Positive outcomes for the community and the environment

For the Lhoosk’uz Dené Nation of Kluskus, the installation of a CHP system in their community is expected to yield very positive results. Upon installation, the unit will displace close to 100,000 litres of diesel per year, significantly reducing the community’s reliance on fossil fuels. From an environmental perspective, the system will also remove the equivalent of 300 tonnes of GHG emissions annually, the equivalent of removing 65 cars from the road each year.

The system will create two full-time jobs to operate the unit and 5 to 10 additional jobs in the feedstock supply chain. The business model also significantly changed the economics of the community: while, historically, the community has had to purchase diesel for the operation of the generators, this money will now remain within and benefit the community directly.

The Lhoosk’uz Dené community also plans to produce biomass from harvested trees, an activity that could represent an additional source of income, as well as use the heat from the CHP to achieve food security and for silviculture projects. But above all, these measures will help protect the community, and restore the natural forest environment.

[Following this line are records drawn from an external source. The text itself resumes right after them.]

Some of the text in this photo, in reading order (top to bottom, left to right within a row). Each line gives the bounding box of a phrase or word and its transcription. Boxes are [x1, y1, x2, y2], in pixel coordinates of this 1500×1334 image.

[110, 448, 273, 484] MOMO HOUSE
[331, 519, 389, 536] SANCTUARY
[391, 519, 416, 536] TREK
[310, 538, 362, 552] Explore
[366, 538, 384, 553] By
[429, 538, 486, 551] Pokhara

FPInnovations and the Lhoosk’uz Dené Nation would like to thank the Renewable Energy for Remote Communities Program (delivered by the Fraser Basin Council under the CleanBC Plan) and Natural Resource Canada’s Clean Energy for Rural and Remote Communities, Bioheat Stream Program for funding to move this project toward implementation.

A unique approach adapting to each project

Great Bear Rainforest® Essential Oils – Great Bear Rainforest Essential OilsIndigenous forestry program is primarily a support tool designed to adapt to the actual needs of communities, rather than a one-dimensional approach. For example, over the past few years, the organization has accompanied member communities of the Great Bear Rainforest through the various development stages of their Great Bear Rainforest Essential Oils company. FPInnovations has been involved in the project since its early stages to help the company develop a solid business plan, determine costs, target appropriate markets, promote the products, and pursue the expansion of the business.

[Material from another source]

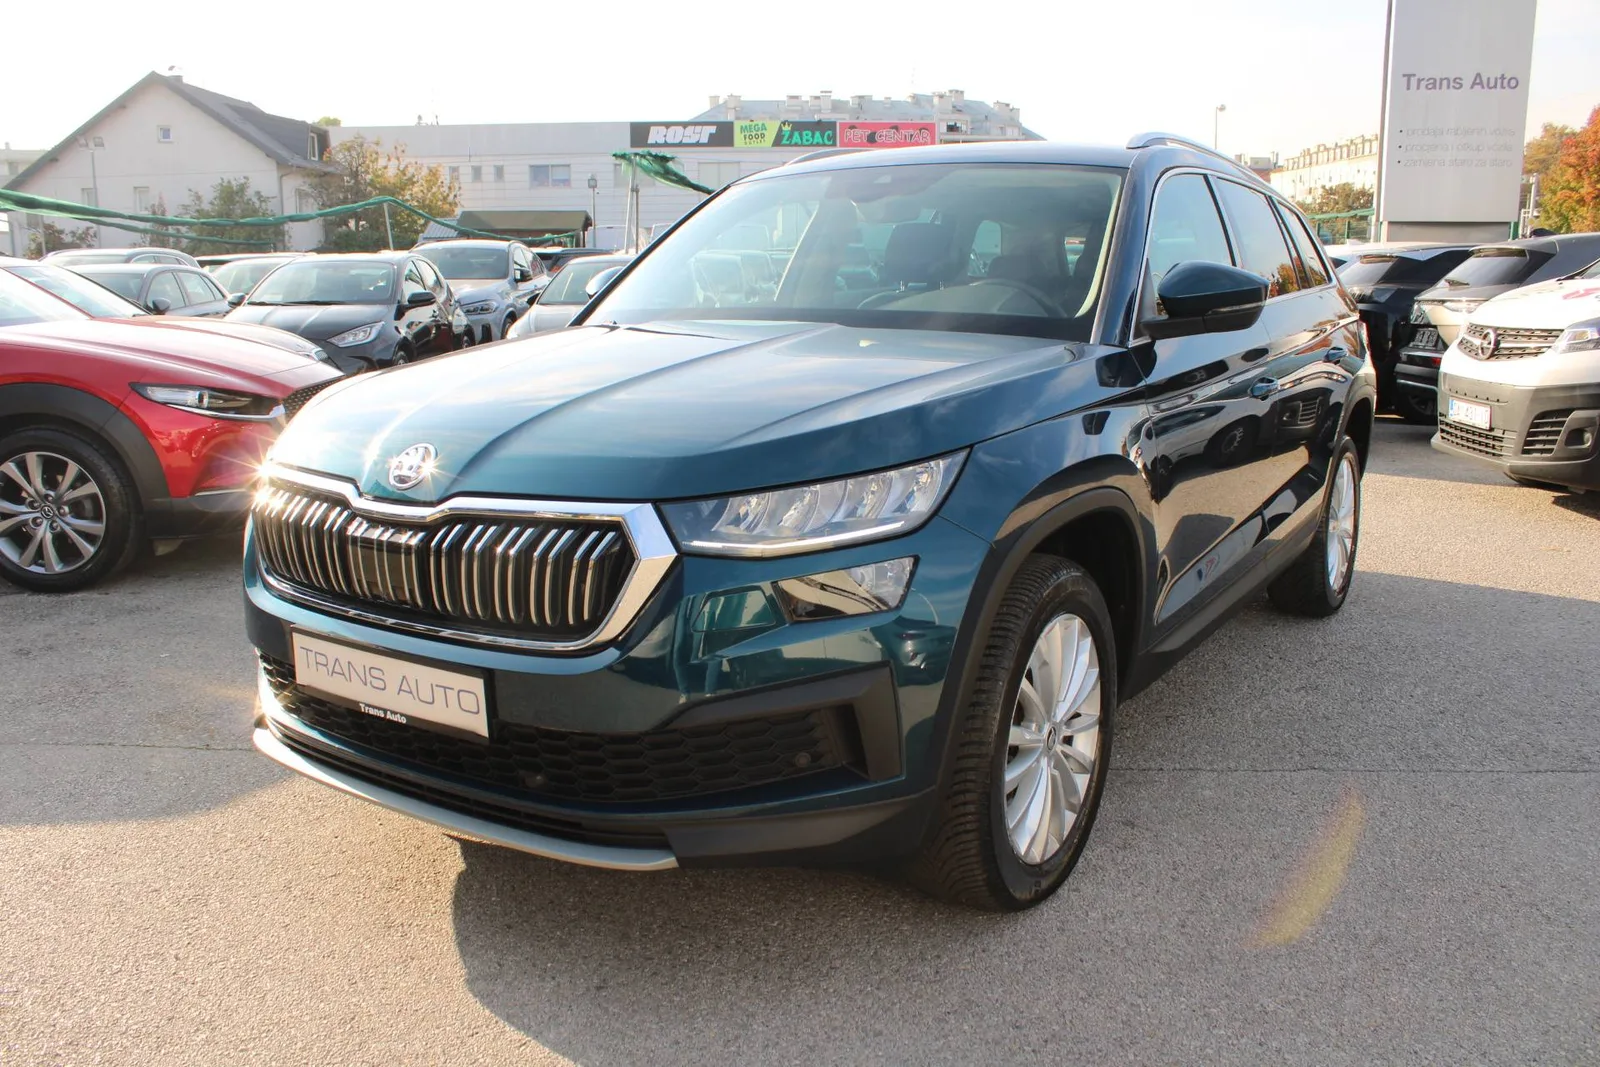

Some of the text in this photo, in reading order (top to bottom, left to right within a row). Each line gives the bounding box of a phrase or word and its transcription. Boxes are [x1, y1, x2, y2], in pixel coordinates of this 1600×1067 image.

Since implementation of the program, FPInnovations has collaborated with over 75 Indigenous Communities. It is estimated that over 50 businesses have been created or maintained, resulting in over 600 jobs, with 50 highly qualified positions for youth and 50 highly qualified position for women, and overall investments of over $25M.

Thanks to the continuous funding support from many partners, including British Columbia’s Ministry of Forests, Lands, Natural Resource Operations and Rural Development, the Innovation, Bioeconomy and Indigenous Opportunities Branch and Western Economic Diversification Canada, the program pursues its objectives of developing and implementing customized and scalable economic development opportunities, while providing innovation and creating employment opportunities for Indigenous Communities. ‘’The results, and especially the partnerships, are extremely positive, and we look forward to many more collaborations with Indigenous Communities throughout Canada,’’ concluded Schilling.